Injectivity of the matrix evaluation map in the borderline case m=1 and n<d

Determine whether, for a field F and a polynomial f in F[x] with degree greater than 1, the evaluation map eva_{f, M_n(F)}: M_n(F) -> M_n(F), A -> f(A), is injective under the following conditions: write g(x) = f(x) - f(0), factor g(x) = x^m h(x) with m >= 1 maximal and h(0) != 0, and let d be the minimal degree among the irreducible factors of h(x) in F[x]; establish injectivity in the case m = 1 and n < d.

Background

Theorem ‘matrix’ analyzes when the evaluation map A -> f(A) on M_n(F) can be injective for a non-linear polynomial f. Writing g(x) = f(x) - f(0) and factoring g(x) = x^m h(x) with m >= 1 maximal and h(0) != 0, the theorem proves non-injectivity when m >= 2, and also when m = 1 and n >= d, where d is the minimal degree among the irreducible factors of h(x).

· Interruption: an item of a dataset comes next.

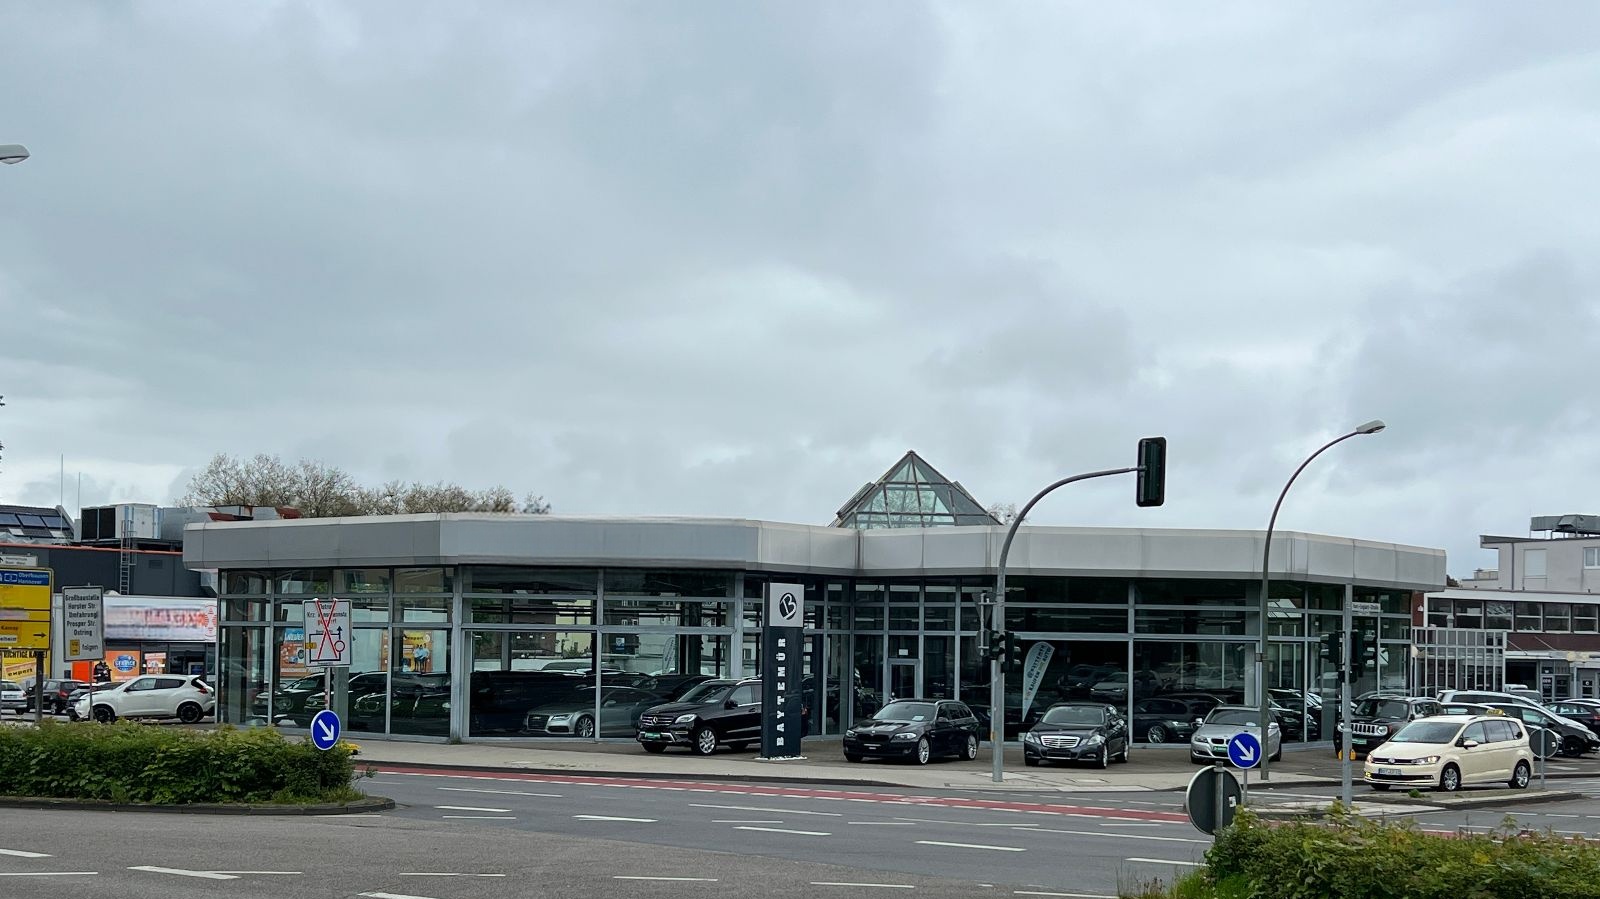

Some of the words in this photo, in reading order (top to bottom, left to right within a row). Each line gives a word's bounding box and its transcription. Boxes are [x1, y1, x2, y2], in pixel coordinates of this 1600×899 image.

In the remaining borderline case m = 1 and n < d, the theorem shows only that no nonzero matrix A satisfies f(A) = f(0) I_n, but it does not settle whether eva_{f, M_n(F)} is injective. The posed problem seeks to determine injectivity precisely in this unresolved regime, which would complete the classification initiated by the theorem.